The camera is on a real tripod (Benro) to prevent camera shake. I often end up shooting in the 1/6 to 1/2 range, and a good tripod is really worth while to absorb the mirror flip vibration.
Another mirror flip vibration trick-- use a remote!
I use a gray gradient backdrop from B&H-- http://www.bhphotovideo.com/c/product/17747-REG/Flotone_GFT409_Graduated_Background_31x43_.html
how I shoot photos of ceramics on my kitchen table! by Brian Searle.
Edit: I have an update here!

Some people have asked me how I take photos of my pots, so the notes in this picture should cover everything I know! The light setup and backdrop cost me less than $100. I shoot with a Nikon D80 using either a Nikon 50mm 1.8 lens or the Tamron 90mm 2.8 macro, but you could shoot with anything that you can mount to a tripod. I keep the F/stop at F/13 to get the biggest field of depth without worrying about sensor size diffraction.

Getting a decent backdrop is pretty critical. Pots don't look right unless they're against a gradient backdrop. If a pot is on a flat color then it looks like it's floating in the air. A gradient grounds the pot. I shoot against a "thunder gray" Flotone backdrop from B&H. The smaller backdrop will barely accommodate my larger platters. The Flotone backdrop is beautiful, but it scratches easily. I figure I can get away with taking photos of thirty or forty pots before I need to replace the backdrop.

I intentionally use harsh lighting-- you may want to soften yours. An easy (but flammable) way is to tape sheets of white copy paper over the lamp shells. I've done this for brief stints, but I wouldn't do this for extended periods of time.

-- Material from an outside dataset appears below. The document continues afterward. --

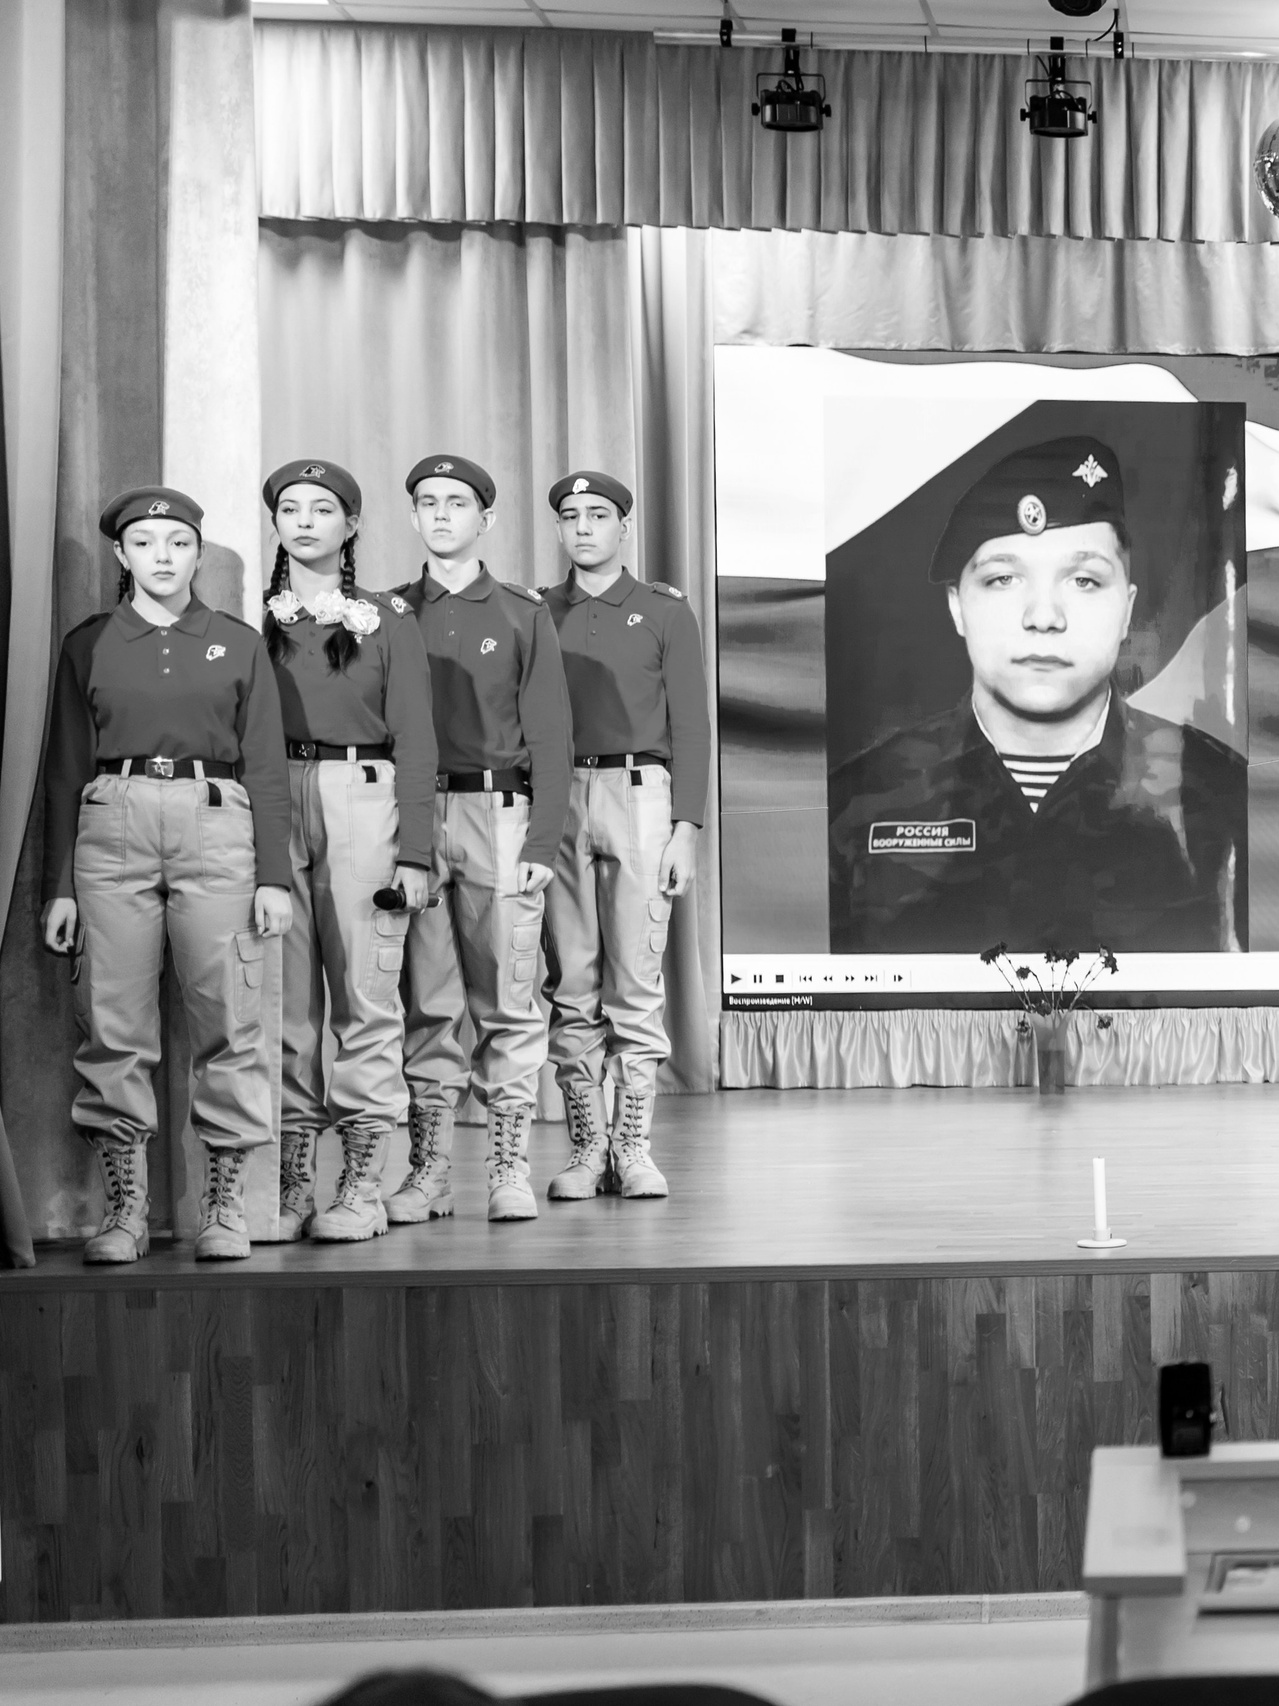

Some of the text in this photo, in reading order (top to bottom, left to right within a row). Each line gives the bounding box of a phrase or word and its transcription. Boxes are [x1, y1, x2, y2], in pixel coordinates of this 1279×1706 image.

[896, 826, 948, 837] РОССИЯ
[873, 837, 971, 848] ВООРУЖЕННЫЕ СИЛЫ
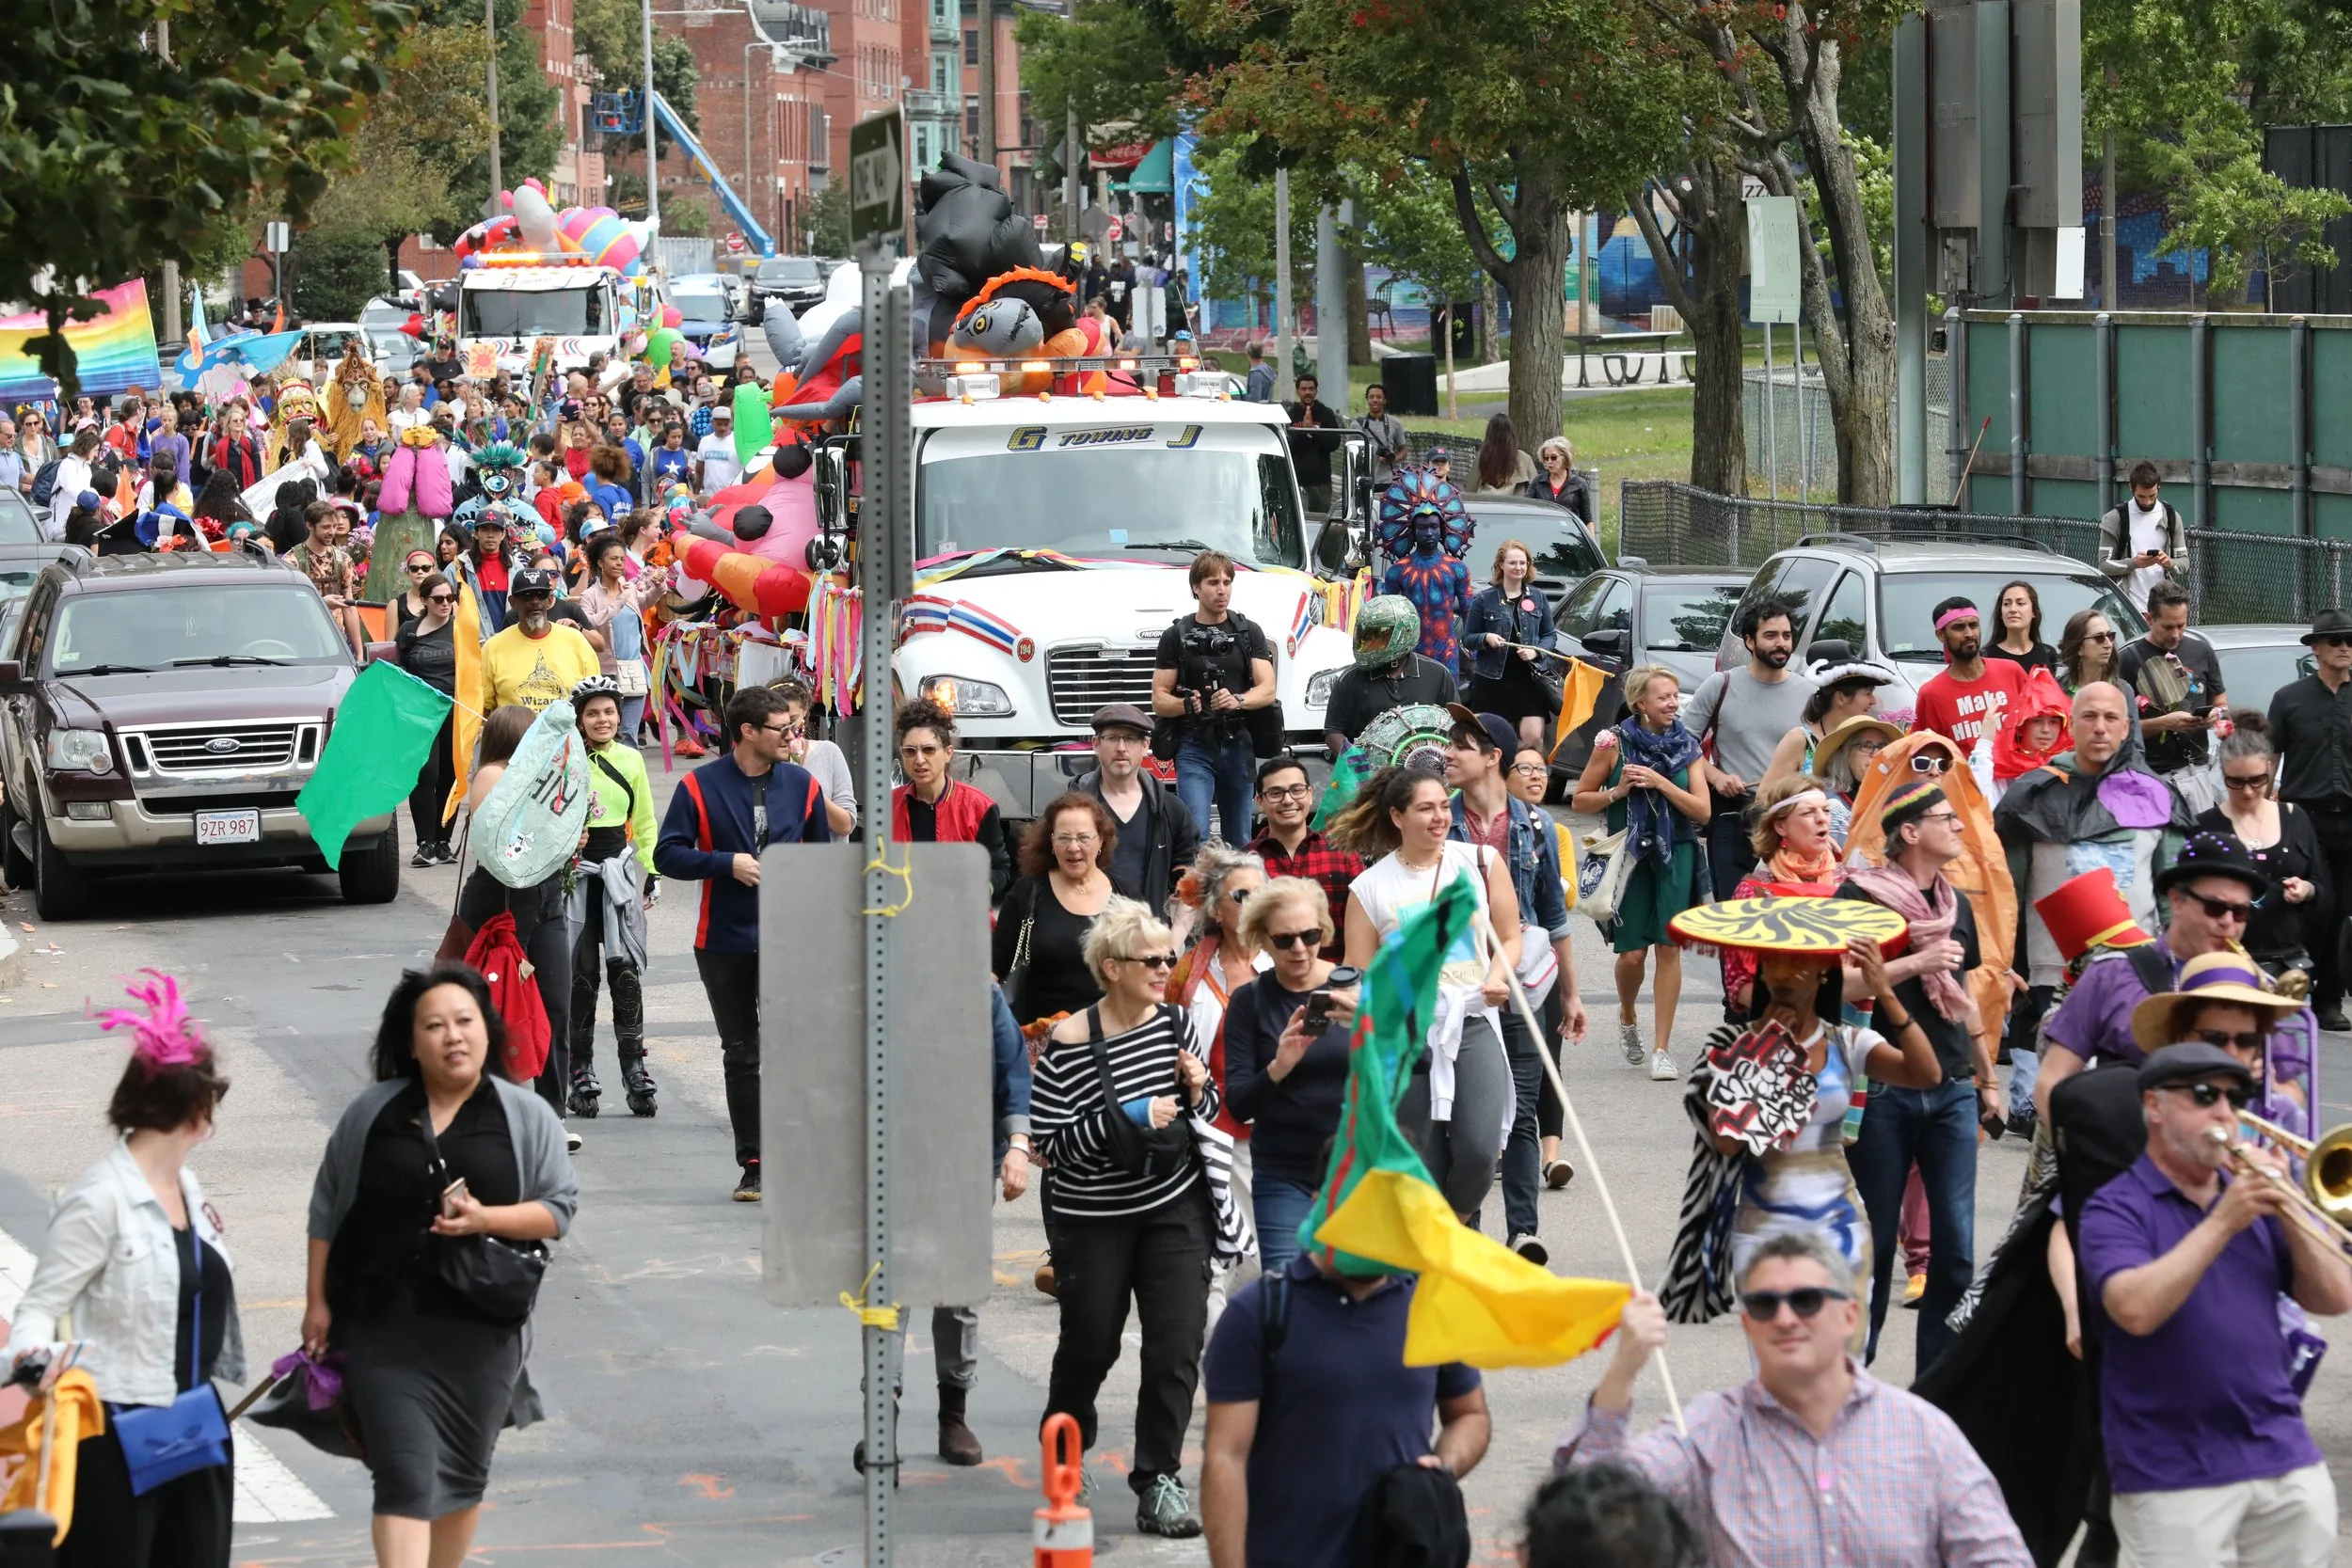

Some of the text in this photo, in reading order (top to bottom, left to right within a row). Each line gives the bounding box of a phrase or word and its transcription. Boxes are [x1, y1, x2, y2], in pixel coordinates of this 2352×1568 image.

I use harsh lighting because my pots are often very shiny in areas and very matte others. I like to bring this out by emphasizing the light reflection on the shiny parts. I used to shoot in a light tent and I found the resulting photos rather boring.

The final result is: www.flickr.com/photos/searleb/2133181112/. My setup is always changing as I need to photograph new and different pots!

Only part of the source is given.